Jews and the Community
To the Editor:
Evelyn N. Rossman’s “The Community and I” (November 1954) describes some aspects of the small-town relations of Jews and non-Jews not dissimilar to those which exist in the larger metropolitan areas.
Both my husband and I came out of conservative homes. Both of us lost our religious beliefs before we had finished college. We are both independent liberals who think they have more in common with Gentiles interested in politics, literature, the theater, and other intellectual” pursuits than with the average Jew in our community who plays canasta or poker and goes to Florida every winter. We have children who are fully aware of our religious attitudes, or rather our lack of them.

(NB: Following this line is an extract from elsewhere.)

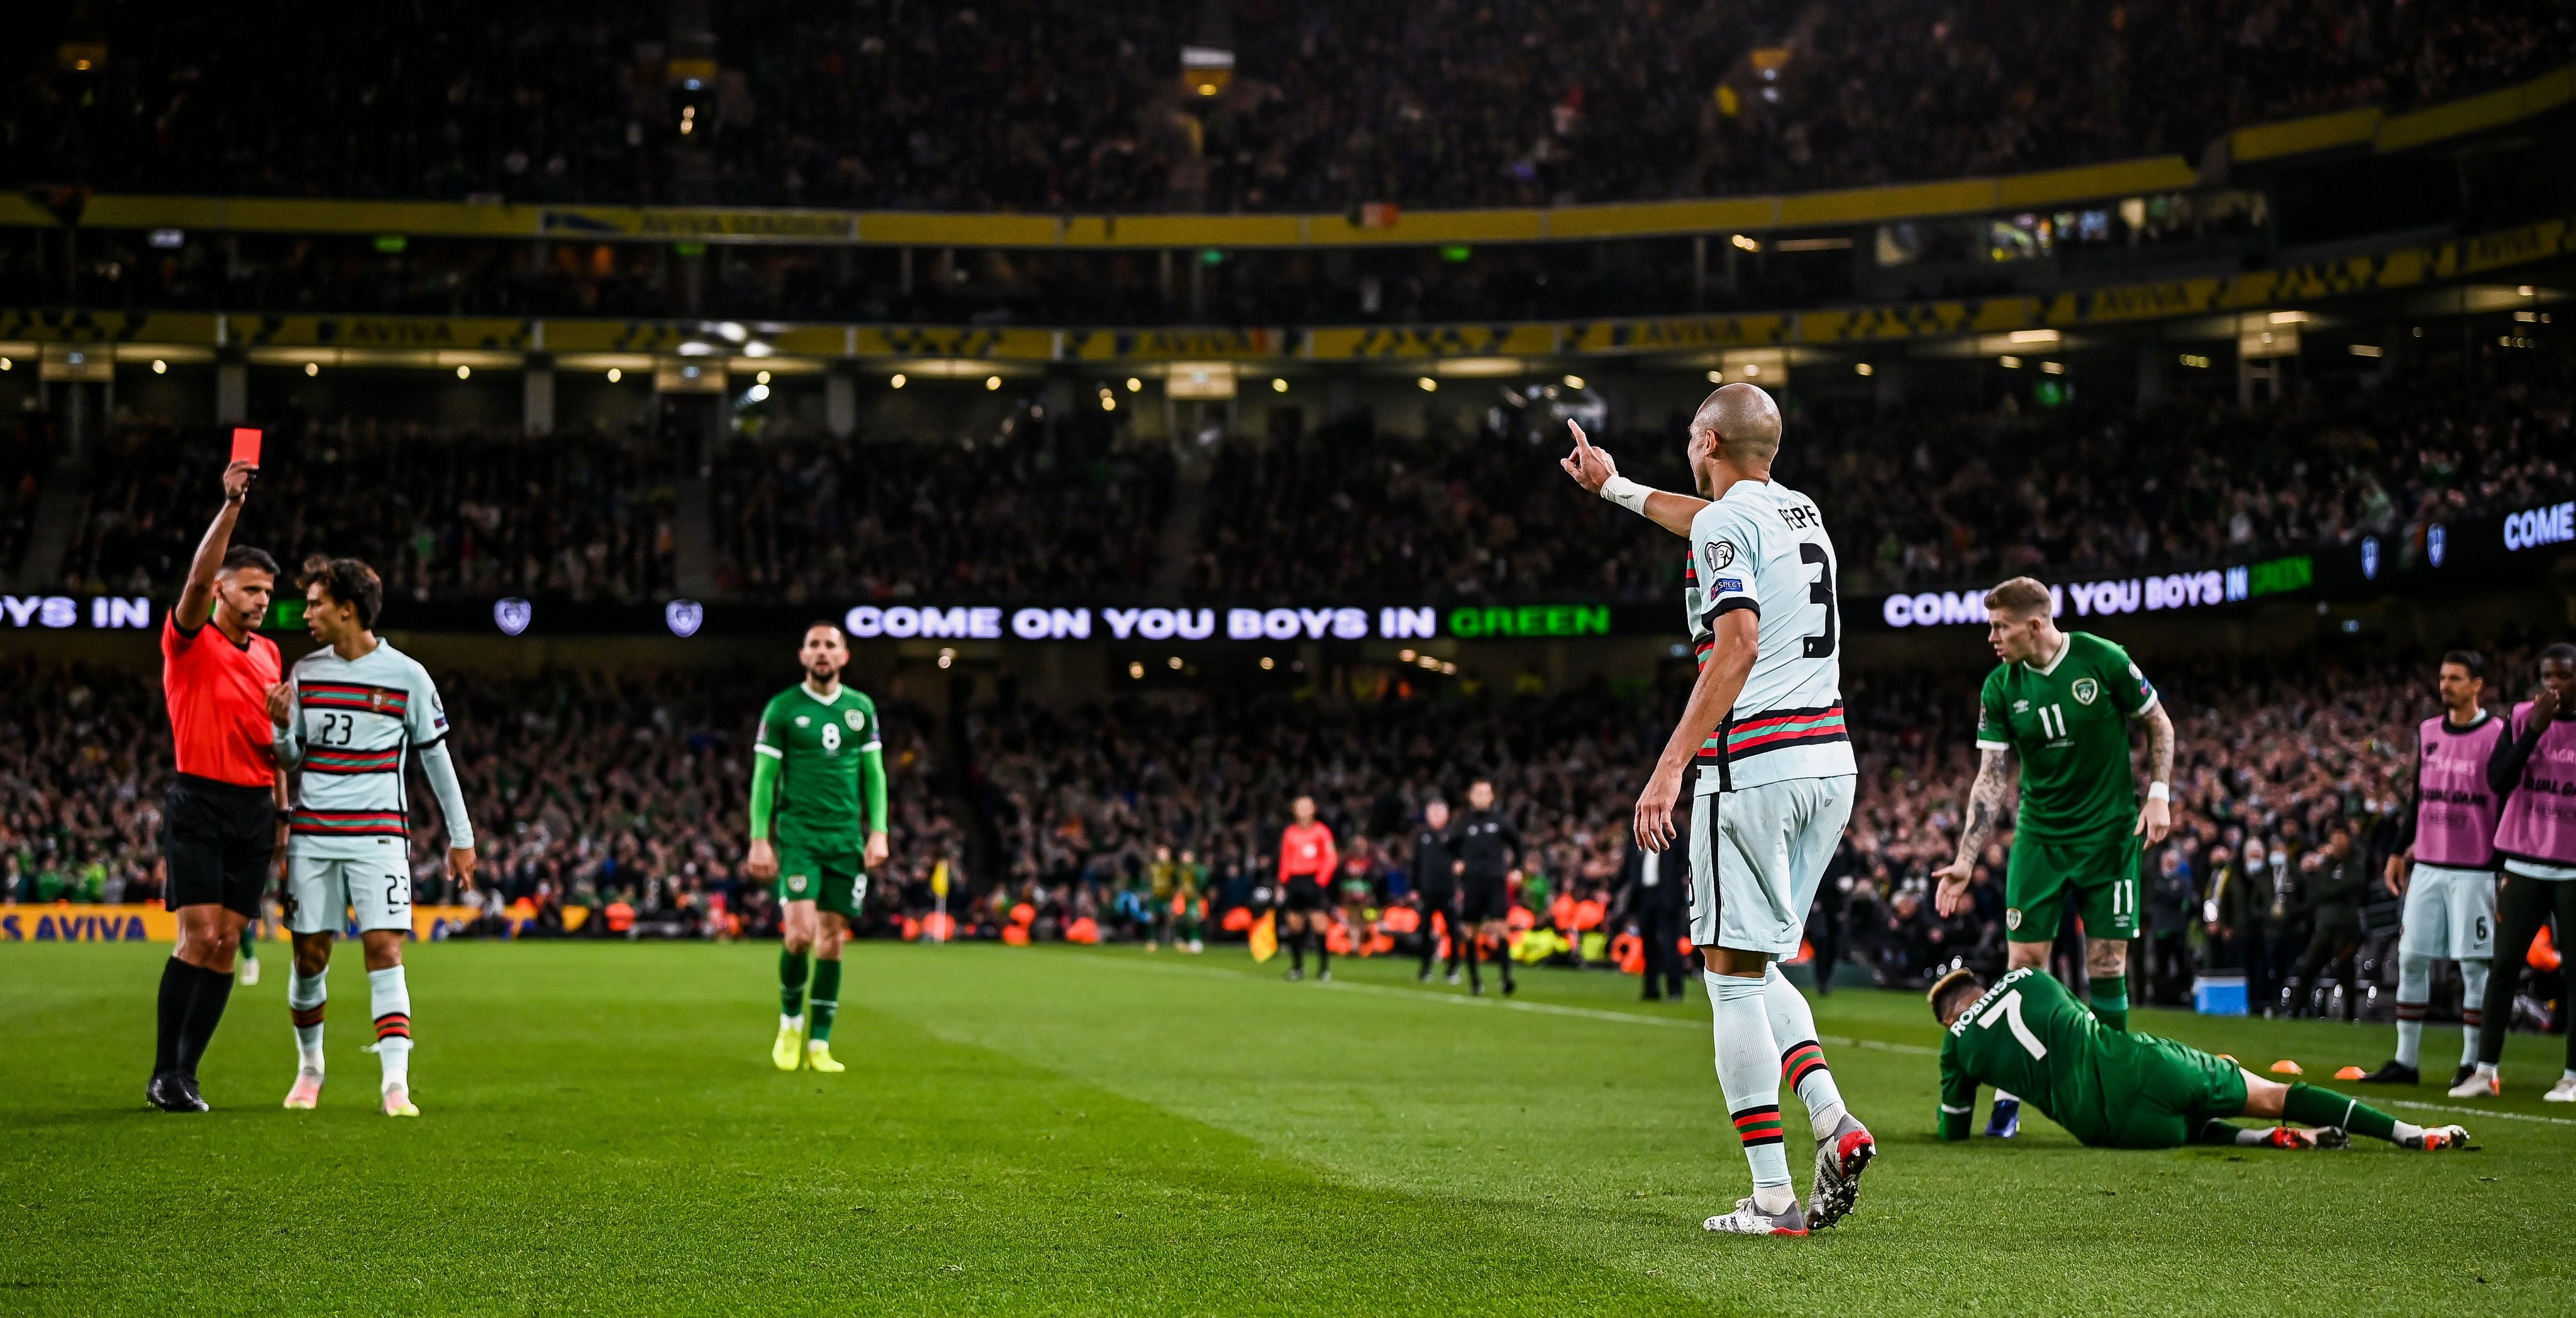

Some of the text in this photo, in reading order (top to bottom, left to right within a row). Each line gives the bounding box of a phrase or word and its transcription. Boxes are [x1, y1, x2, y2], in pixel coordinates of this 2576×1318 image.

Unlike so many of our friends, we have always tried to be honest with them. The problem some of Evelyn Rossman’s friends also have, “How can I teach my child to believe things he knows I don’t believe?” we have never had to face. We assume that most intelligent parents nowadays answer their children’s questions honestly, be they concerned with people, sex, or anything else. Why then so often a hypocritical approach to religious matters?

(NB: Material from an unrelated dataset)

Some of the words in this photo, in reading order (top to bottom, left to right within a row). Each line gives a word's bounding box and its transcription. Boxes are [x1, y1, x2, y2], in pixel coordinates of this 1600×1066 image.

Despite our lack of convictions we are sending our children to Sunday school. Despite our “universal” interests most of our friends are Jewish. As to the latter statement, we are not sure why this is so. I belong to the League of Women Voters, yet even in this organization of intelligent, progressive women it is the Jewish ones with whom I have become most friendly. At the children’s public school, in an upper middle class neighborhood, about a fourth of the pupils are Jewish. Their parents are active in various school activities, mixing with those of the non-Jewish children at committee meetings and other school functions. Yet when they ask friends over to their homes, it is usually their Jewish acquaintances who are invited. One will hear the remark that “we have lots of Gentile friends,” but somehow, on the many occasions of social get-togethers with people from different circles, these Gentile friends are absent. Little wonder, then, whether it be cause or effect, that many of us have joined Jewish organizations, although there may be little interest in Jewish affairs per se. Little wonder, also, that we send our children to Sunday school: to have them learn of their historical background, but also to help assure their social integration in the Jewish community.
Often we ask ourselves to what extent our social ghetto is self-imposed. At the present time our children accept others and are accepted by them without regard to religious or ethnic ties. Would this mutual acceptance not continue, at least among the children of “enlightened” parents, if we did not try to bequeath to ours a heritage of segregation?
Deborah Dorfman
Washington, D. C.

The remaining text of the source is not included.